*INSTRUCTIONS FOR THE TASK*
Your answer must be the records below, repeated exactly, with every picture left out.

[Stored data entries]
BEGIN
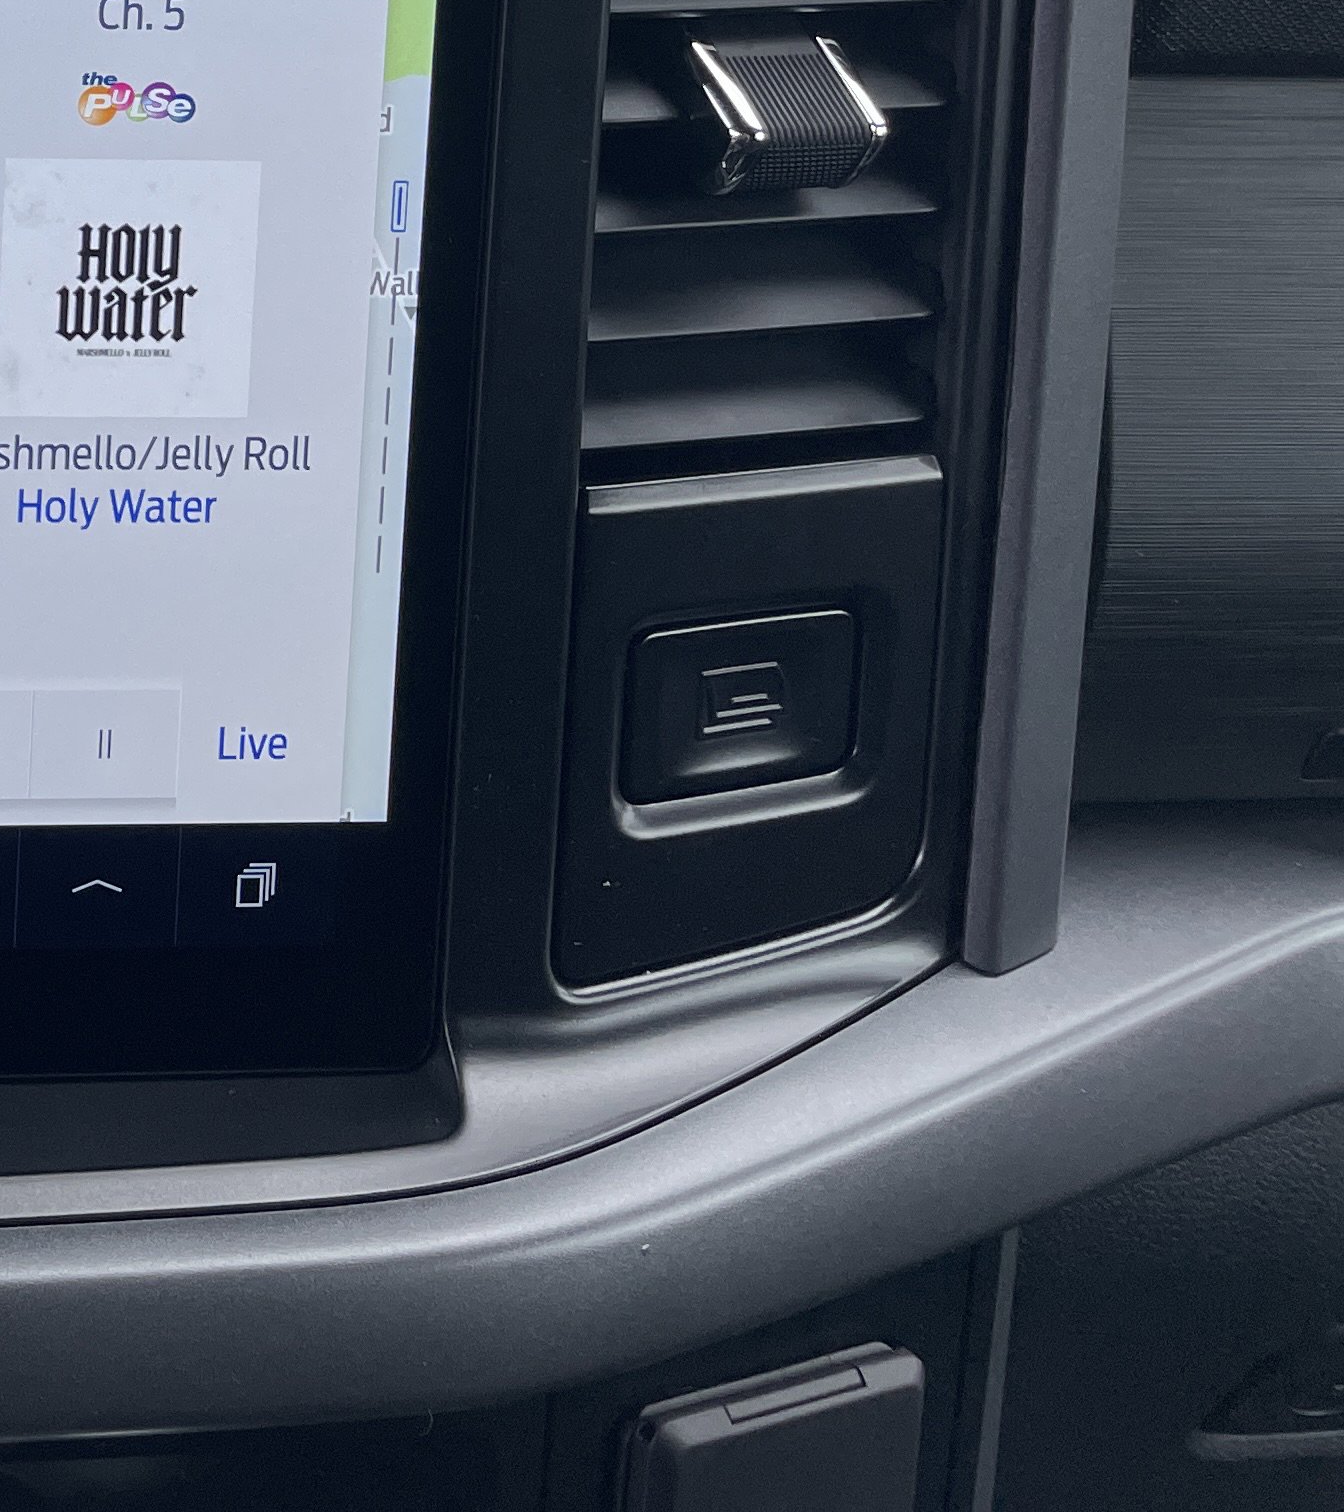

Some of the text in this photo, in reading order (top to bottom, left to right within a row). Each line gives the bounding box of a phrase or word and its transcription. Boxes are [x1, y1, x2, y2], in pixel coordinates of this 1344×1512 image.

[81, 71, 118, 86] the
[244, 436, 311, 471] Roll
[17, 488, 216, 529] Holy Water
[217, 726, 288, 762] Live
END
*ANSWER BOX*
Some of the text in this photo, in reading order (top to bottom, left to right within a row). Each line gives the bounding box of a phrase or word and its transcription. Boxes are [x1, y1, x2, y2], in pixel coordinates of this 1344×1512 image.

[81, 71, 118, 86] the
[244, 436, 311, 471] Roll
[17, 488, 216, 529] Holy Water
[217, 726, 288, 762] Live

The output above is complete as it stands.